Né en 1964 en Tunisie, Pierre Salvadori grandit à Paris. Très tôt cinéphile, il s’inscrit en études cinématographiques à l’université et suit des cours d’art dramatique. Fasciné par les acteurs du cinéma américain, Salvadori cherche tout d’abord à devenir comédien. Il s’emploie à écrire du stand-up et se produit sur scène. Avec l’objectif d’interpréter des rôles à l’écran, le jeune auteur-acteur écrit ensuite un premier scénario, celui de Cible émouvante, refusé par tous les producteurs. La rencontre avec Philippe Martin est déterminante. Celui qui est alors le plus jeune producteur de Paris accepte de produire le film. Il pousse également le scénariste à se lancer dans la réalisation. Le pari est osé mais se révèle gagnant.

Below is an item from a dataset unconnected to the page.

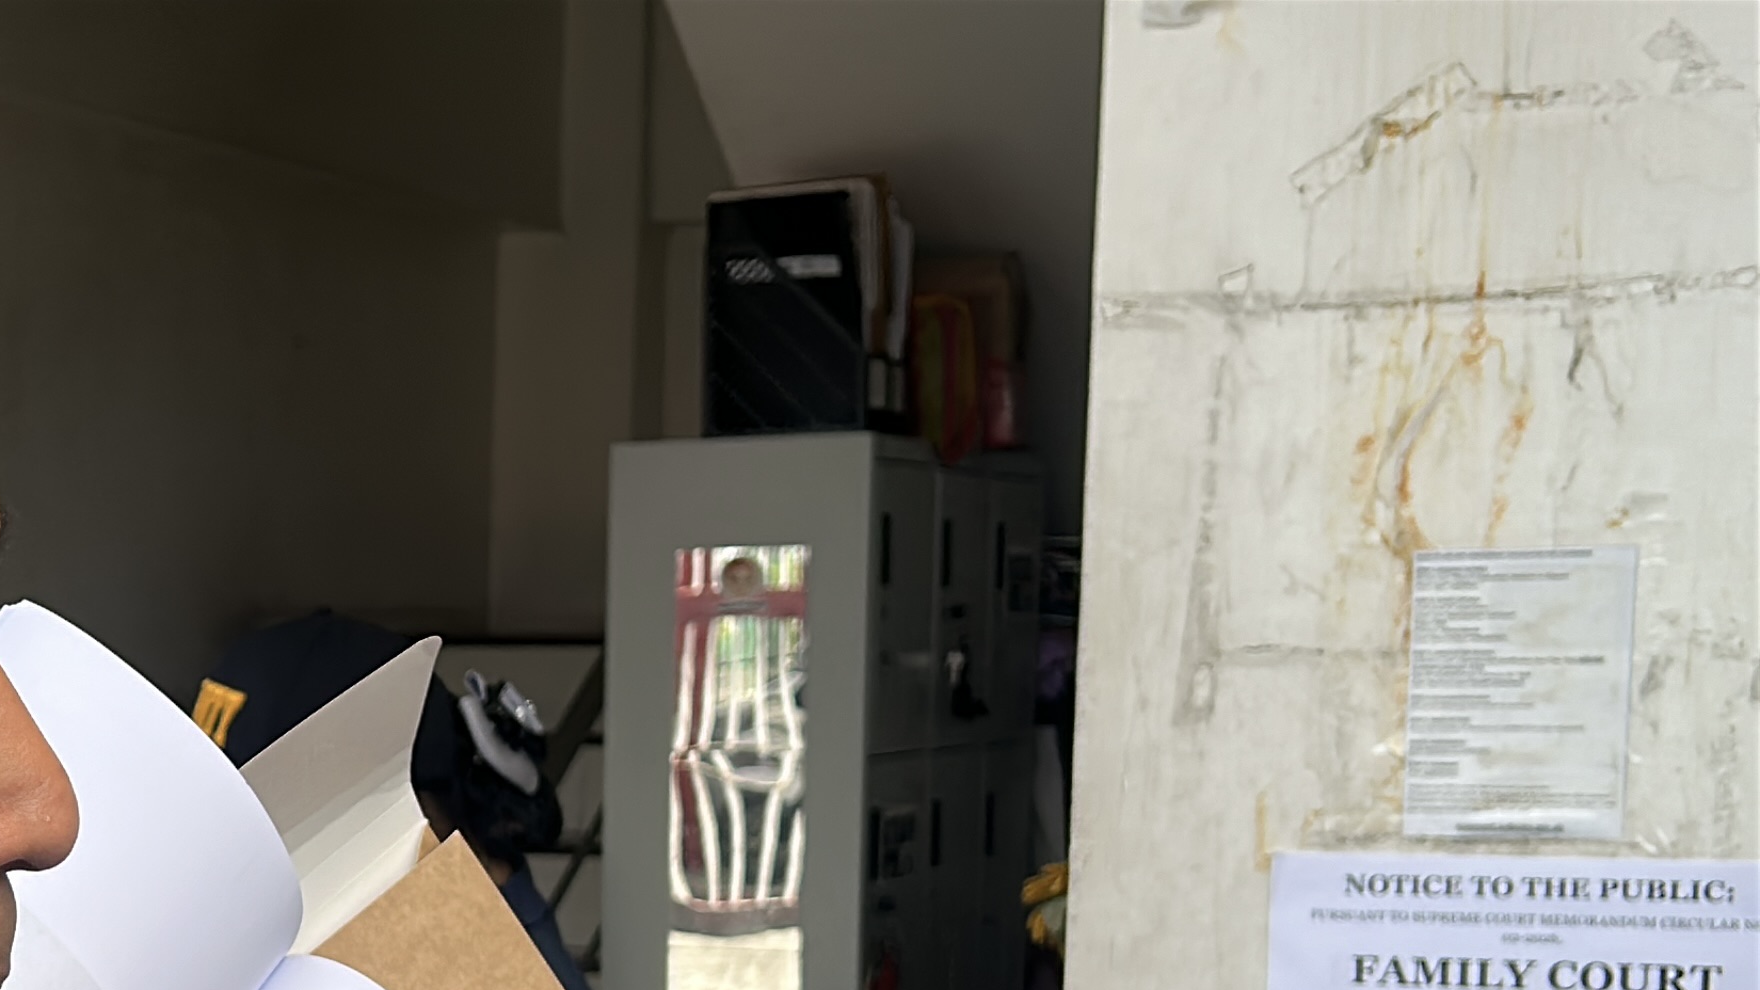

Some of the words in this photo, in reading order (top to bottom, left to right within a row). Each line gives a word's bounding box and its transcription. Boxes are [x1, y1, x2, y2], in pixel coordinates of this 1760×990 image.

C’est alors le début d’un long compagnonnage qui donnera des films tels que Les Apprentis (1995), Après vous (2003), Hors de prix (2006), De vrais mensonges (2010), Dans la cour (2014) et La petite bande (2022).
Raconte-moi une histoire
Après le choc que fut pour elle la découverte de la vérité sur son mari, Yvonne cherche
la meilleure manière d’expliquer à son fils qui était véritablement son père. Elle ne sait pas non plus comment dire à Antoine le fait qu’elle est la femme de celui qui l’a fait condamner à tort. Louis, le collègue d’Yvonne au commissariat, ne sait pas comment avouer les sentiments amoureux qu’il nourrit à son égard. Confrontés à leurs actes, les interpellés
du commissariat cherchent le moyen d’y échapper en inventant des histoires… Rôles principaux ou secondaires, les personnages d’En liberté ! sont confrontés à la difficulté d’exprimer ce qu’ils sont, ce qu’ils pensent ou ce qu’ils ressentent. Et c’est précisément dans le pouvoir de la fiction qu’ils trouveront le meilleur allié pour parvenir à leurs fins.
Dans la profondeur de l’image
Travailler l’aspect visuel d’un film,c’est penser à la fois aux éléments qui seront présents dans le cadre (costumes, accessoires, décors…), mais également à la manière de les filmer (échelles de plans, mouvements de caméra, rythme du montage). Chaque film invente son propre langage en fonction de son histoire et de ce que le ou la cinéaste souhaite en dire. Traitant du rapport entre la réalité et la fiction, entre l’ici et l’ailleurs, autour de personnages eux-mêmes scindés en deux, En liberté ! rend sensible ces oppositions en travaillant avec beaucoup de soin sur les rapports entre les avant-plans et les arrière-plans et entre le flou et le net dans l’image. À de nombreuses reprises dans le film, on pourra ainsi constater que l’action sur laquelle se focalise l’image bascule incessamment du premier plan au second, ou du flou vers le net, sans que le spectateur ne sache véritablement où fixer son attention.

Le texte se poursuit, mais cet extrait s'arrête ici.